[What is required] Tally the lines of the entries in which the string "CHAMPS" occurs, and say only how many.

[Stored data entries]

◆ ◆ ◆ ◆ ◆ ◆ ◆

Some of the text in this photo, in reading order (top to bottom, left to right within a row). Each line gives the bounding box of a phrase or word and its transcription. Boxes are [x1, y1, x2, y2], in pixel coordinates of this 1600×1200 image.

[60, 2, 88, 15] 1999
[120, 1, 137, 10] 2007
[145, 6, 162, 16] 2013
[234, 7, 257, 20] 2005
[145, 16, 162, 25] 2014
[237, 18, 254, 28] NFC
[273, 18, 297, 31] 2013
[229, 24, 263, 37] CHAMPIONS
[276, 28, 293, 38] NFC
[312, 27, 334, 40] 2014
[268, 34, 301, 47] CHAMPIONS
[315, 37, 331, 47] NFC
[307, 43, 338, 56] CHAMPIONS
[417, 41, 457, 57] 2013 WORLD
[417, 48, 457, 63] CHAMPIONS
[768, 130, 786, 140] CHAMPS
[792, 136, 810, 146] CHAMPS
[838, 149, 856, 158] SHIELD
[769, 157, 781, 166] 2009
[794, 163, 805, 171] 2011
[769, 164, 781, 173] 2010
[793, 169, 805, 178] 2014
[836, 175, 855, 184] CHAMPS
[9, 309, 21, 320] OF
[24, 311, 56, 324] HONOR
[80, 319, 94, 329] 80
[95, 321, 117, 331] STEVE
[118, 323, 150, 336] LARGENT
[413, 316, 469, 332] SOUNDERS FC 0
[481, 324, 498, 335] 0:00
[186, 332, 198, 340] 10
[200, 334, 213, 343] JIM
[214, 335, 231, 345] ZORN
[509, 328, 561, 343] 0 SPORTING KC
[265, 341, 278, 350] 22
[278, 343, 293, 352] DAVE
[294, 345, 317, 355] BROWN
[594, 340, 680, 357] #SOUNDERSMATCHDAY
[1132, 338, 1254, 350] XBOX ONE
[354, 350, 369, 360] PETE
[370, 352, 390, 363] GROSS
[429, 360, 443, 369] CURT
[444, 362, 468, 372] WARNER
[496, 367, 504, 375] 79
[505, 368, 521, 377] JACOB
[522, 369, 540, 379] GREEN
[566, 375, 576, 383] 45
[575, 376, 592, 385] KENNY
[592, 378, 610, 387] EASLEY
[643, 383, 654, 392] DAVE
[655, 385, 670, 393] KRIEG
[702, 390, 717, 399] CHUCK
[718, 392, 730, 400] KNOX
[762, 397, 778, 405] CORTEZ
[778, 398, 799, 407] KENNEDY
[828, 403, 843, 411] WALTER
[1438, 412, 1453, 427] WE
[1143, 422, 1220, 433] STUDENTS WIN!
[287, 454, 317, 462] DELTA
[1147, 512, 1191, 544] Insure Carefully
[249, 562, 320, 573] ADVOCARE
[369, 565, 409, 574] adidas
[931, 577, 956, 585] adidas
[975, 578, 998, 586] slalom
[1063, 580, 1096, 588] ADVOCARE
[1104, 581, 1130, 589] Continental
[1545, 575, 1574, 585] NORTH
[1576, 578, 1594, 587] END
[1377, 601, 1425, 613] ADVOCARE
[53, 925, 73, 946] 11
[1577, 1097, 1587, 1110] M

◆ ◆ ◆ ◆ ◆ ◆ ◆

[Response for this exercise] 3